Here Irishcentral outlines events we wish had never happened, as we list just the top five scandals to plague the country this decade.
1. Bertie Ahern and the Mahon Tribunal
Who could have imagined that a finance minister wouldn’t have a bank account? Former Irish Taoiseach (president) Bertie Ahern certainly surprised the populace by revealing that he spent three years without one when he was finance minister between 1991 and 1994, even though he happened to be a trained account too.
The Mahon Tribunal dedicated 916 days to investigating Ahern’s finances between 2002 and 2008. The tribunal’s findings have yet to be published but the bad publicity forced Ahern to resign in 2008.
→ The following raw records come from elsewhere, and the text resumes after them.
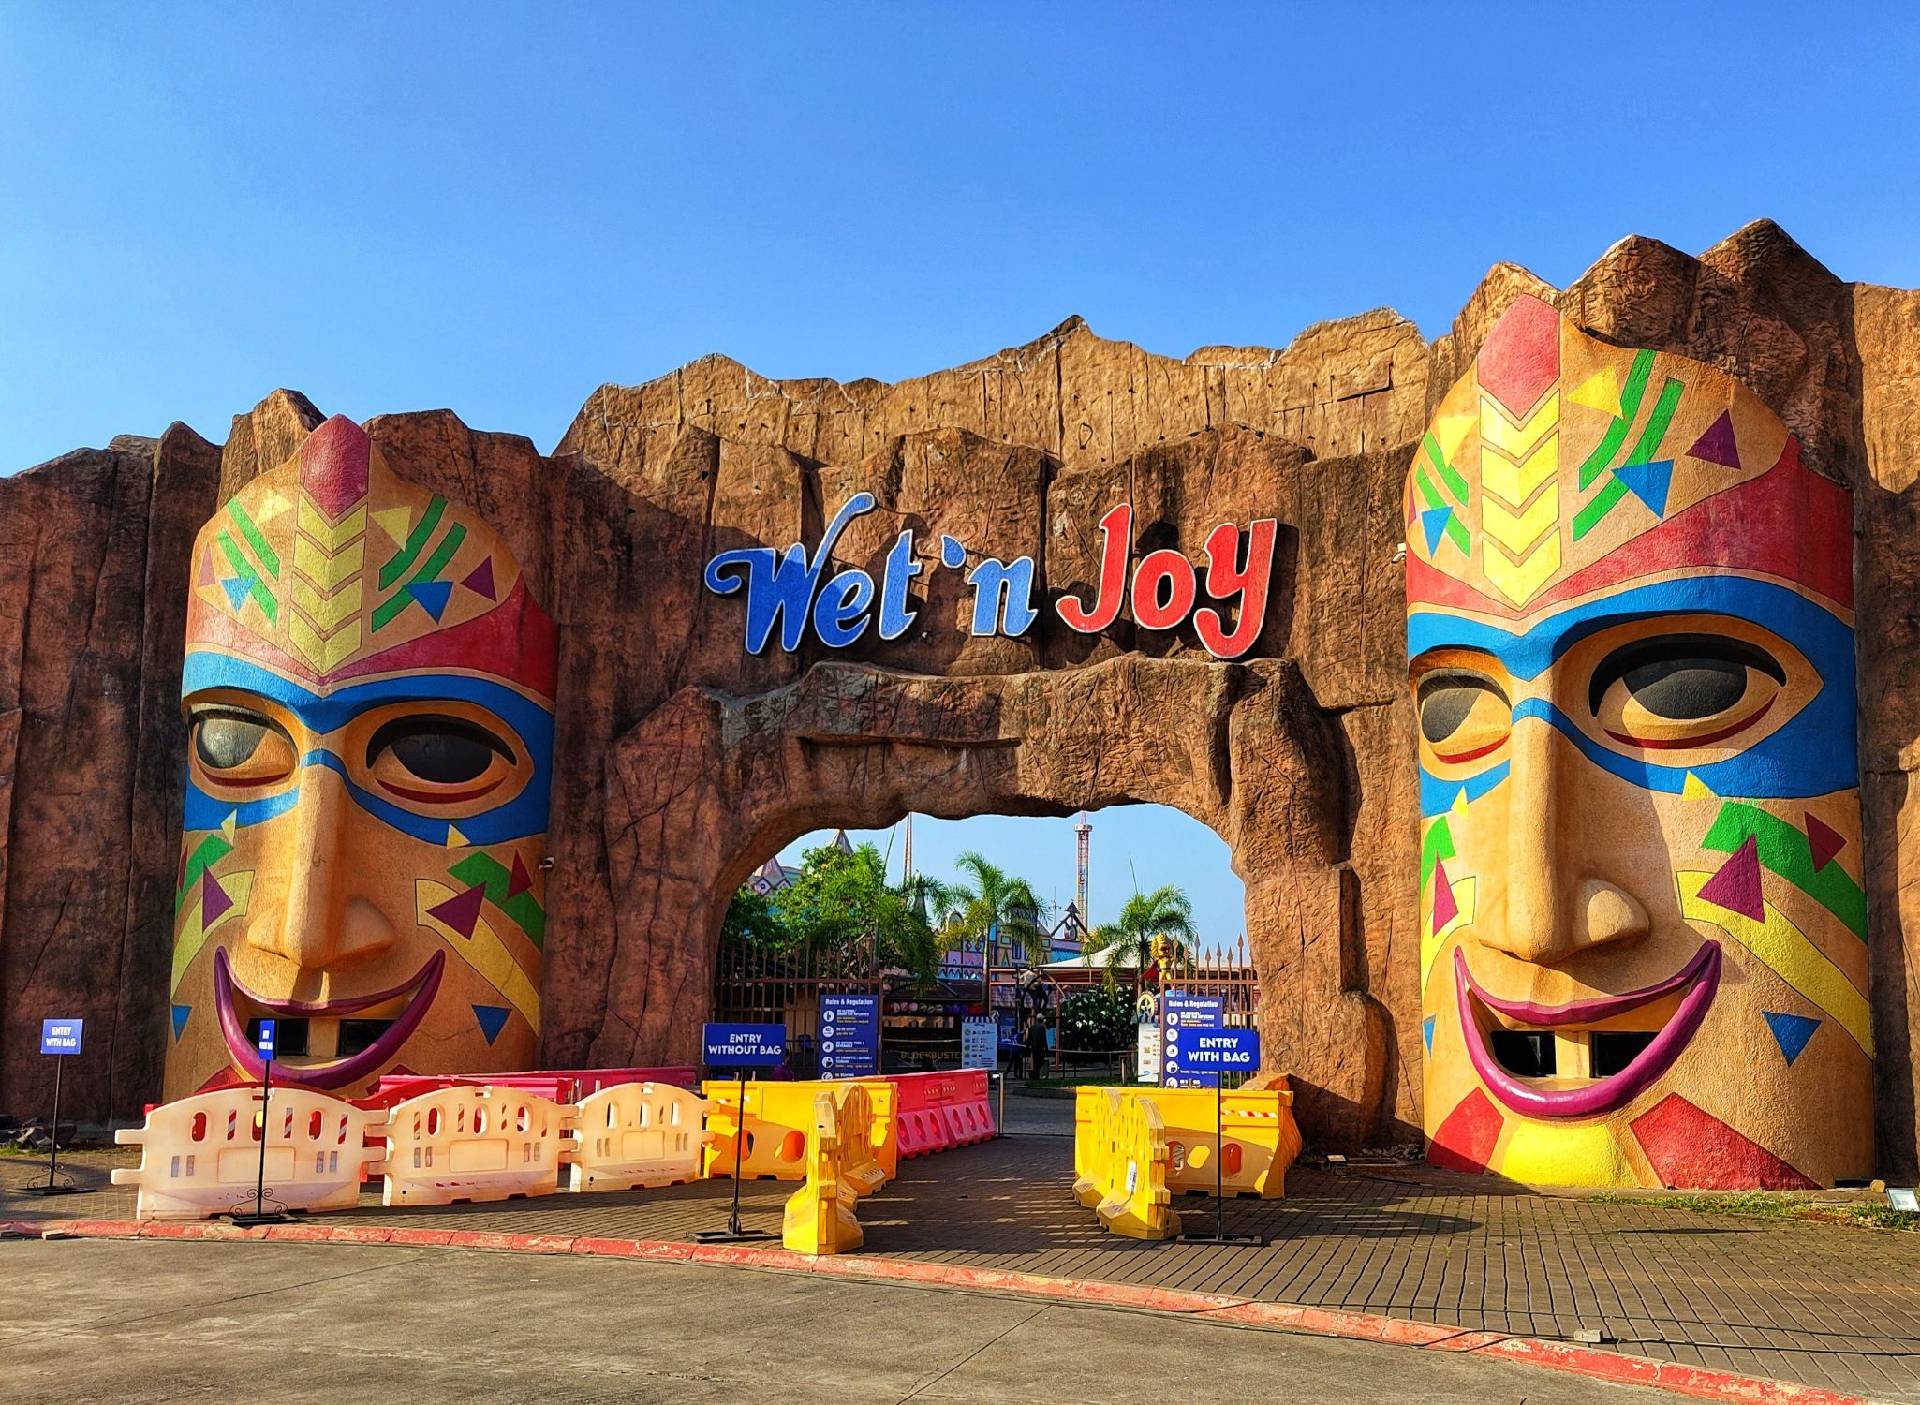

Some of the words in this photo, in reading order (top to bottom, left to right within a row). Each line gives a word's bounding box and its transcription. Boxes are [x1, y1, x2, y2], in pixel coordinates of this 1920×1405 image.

[704, 491, 919, 656] Wet
[1056, 503, 1279, 659] Joy
[51, 1026, 72, 1036] ENTRY
[46, 1037, 62, 1047] WITH
[62, 1037, 77, 1047] BAG
[730, 1033, 762, 1043] ENTRY
[1199, 1037, 1239, 1049] ENTRY
[708, 1045, 757, 1055] WITHOUT
[760, 1045, 782, 1055] BAG
[1187, 1051, 1219, 1062] WITH
[1222, 1051, 1250, 1062] BAG
Another earlier former Taoiseach, Charles Haughey, a character hardly free of scandal himself, may have had it right when he remarked of Bertie years ago that he was "The most skilful, the most devious, the most cunning of them all.”
2. Banking scandals
Towards the end of the decade regulators began to investigate the nefarious goings on at Ireland’s biggest banks, and one in particular stood out. Anglo Irish Bank played a major role in Ireland’s housing bubble. In 2008 regulators belatedly realized that its chairman, Sean Fitzpatrick, had been transferring €87 million ($125 million) of bank loans temporarily from one bank account to another to prevent them from showing up on the bank’s annual report.
Meanwhile, in a building society called Irish Nation Wide, a character known as Fingers Fingleton (Michael Fingleton to his friends) gained a reputation of his own. Fingleton loaned huge sums of money without following protocol, in particular favoring friends in the media, politics and business. The result was that when global finances went awry, Irish Nation Wide recorded a €243 million ($350 million) loss and urgently needed government help. As of now, the Irish taxpayer is supporting €8 billion of its €10.4 billion loans. Fingleton, the CEO, departed with a pension fund of €27.6 million and a bonus of € million.